Train for muscle gain by lifting weights
High protein intake and a generally healthy diet will certainly help you lose body fat and retain muscle but including strength training to that mix will get you there faster! There’s a high possibility that you will retain more muscles than if you did not do any resistance training.
Incorporate heavy weights into your workout routine. Do not use light weights for many reps as this is not the best recipe for someone looking to gain muscle. Instead, focus on increasing the weights you are using overtime and integrate compound movements like deadlifts, squats, rows, and presses. These particular moves incredibly stimulate your muscles and that is precisely why they should form the foundation of every workout.
You could even include higher-repetition training to your routine. This should, however, be with weights that are challenging to perform 15-20 reps with. A combination of high-rep training alongside heavy strength training is perfect for both losing body fat and retaining or gaining muscle.
And if you do not have the energy and stamina to keep going, you could consider using all natural bodybuilding supplements. They are a great way of boosting your performance in the gym.
Consume healthy fats
A lot of people outrageously reduce their intake of fats in an attempt to lose body fat. As an outcome, they not only lose weight but their hair and once beautiful nails and skin as well. Fats play an important role in maintaining hormone levels and optimal cell structure, both of which are key in supporting muscle building.
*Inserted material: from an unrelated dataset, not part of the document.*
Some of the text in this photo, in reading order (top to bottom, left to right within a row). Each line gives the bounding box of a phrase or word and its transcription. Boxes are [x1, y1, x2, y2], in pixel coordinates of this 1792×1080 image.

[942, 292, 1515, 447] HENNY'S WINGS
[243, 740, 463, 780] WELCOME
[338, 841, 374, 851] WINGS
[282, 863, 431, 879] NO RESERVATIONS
Even if you looking to lose weight, do not cut off all fat from your diet. A lean body also requires fat in order to build muscles! Try to consume approximately 0.5 grams of healthy fat per pound of your body weight on a daily basis. Sources of healthy fats include avocado, walnuts, hemp oil, olive oil, coconut oil, salmon, and sardines.
Reduce your carb intake
You’ve got to reduce your carb intake; but not completely. Reduce it up to a point whereby it is efficiently used in the body. A lot of people have a problem dealing with this and that is why obesity is becoming common.
Most of your carbs ought to be consumed at times when they benefit you most; that is about two hours prior to your workout and just after your workout is over. The rest of your carbs should come from fibre-rich vegetables. Aim for about 1.5 grams of carbohydrates per pound of your body weight.
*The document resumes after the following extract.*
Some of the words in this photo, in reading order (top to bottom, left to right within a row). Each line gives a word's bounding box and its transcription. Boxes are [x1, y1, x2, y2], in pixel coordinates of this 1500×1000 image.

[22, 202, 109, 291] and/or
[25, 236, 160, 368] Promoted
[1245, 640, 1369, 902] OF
Incorporating cardio into your workouts will accelerate the fat-loss process. However, many people tend to think that engaging in long cardio-sessions is better. Yes, this will burn a lot of calories but the overall effect won’t be pleasant. Your body will end up in a caloric deficit state whereby it starts to preferentially burn muscle over body fat. And remember, rapid loss of fat could contribute to a significant loss of muscle.
To avoid this, practice high-intensity interval training (HIIT) as your main form of cardio. It has been proven to preserve muscle and uses fat as fuel. Start off your session with a three to five-minute warm-up and then engage in your first interval for sixty seconds. Next, back off and let your heart rate return to normal, which takes about two to four minutes then repeat again.
And given that HIIT is quite taxing for your body, do not attempt to do it on a daily basis. You could have one to three sessions every week.
Losing body fat whilst retaining muscle is not an easy journey! The above tips will, however, help you get your desired results. But always keep in mind that your transformation will not happen overnight; changing your body will take time. Apart from maintaining consistency in your diet and strength training, exercise patience.
Also, some people might see results sooner than others because of other factors such as genetics and lifestyle among others. So if you feel as if you are not making any progress, consider working with a personal trainer and a nutritionist to come up with a customized plan that works for you.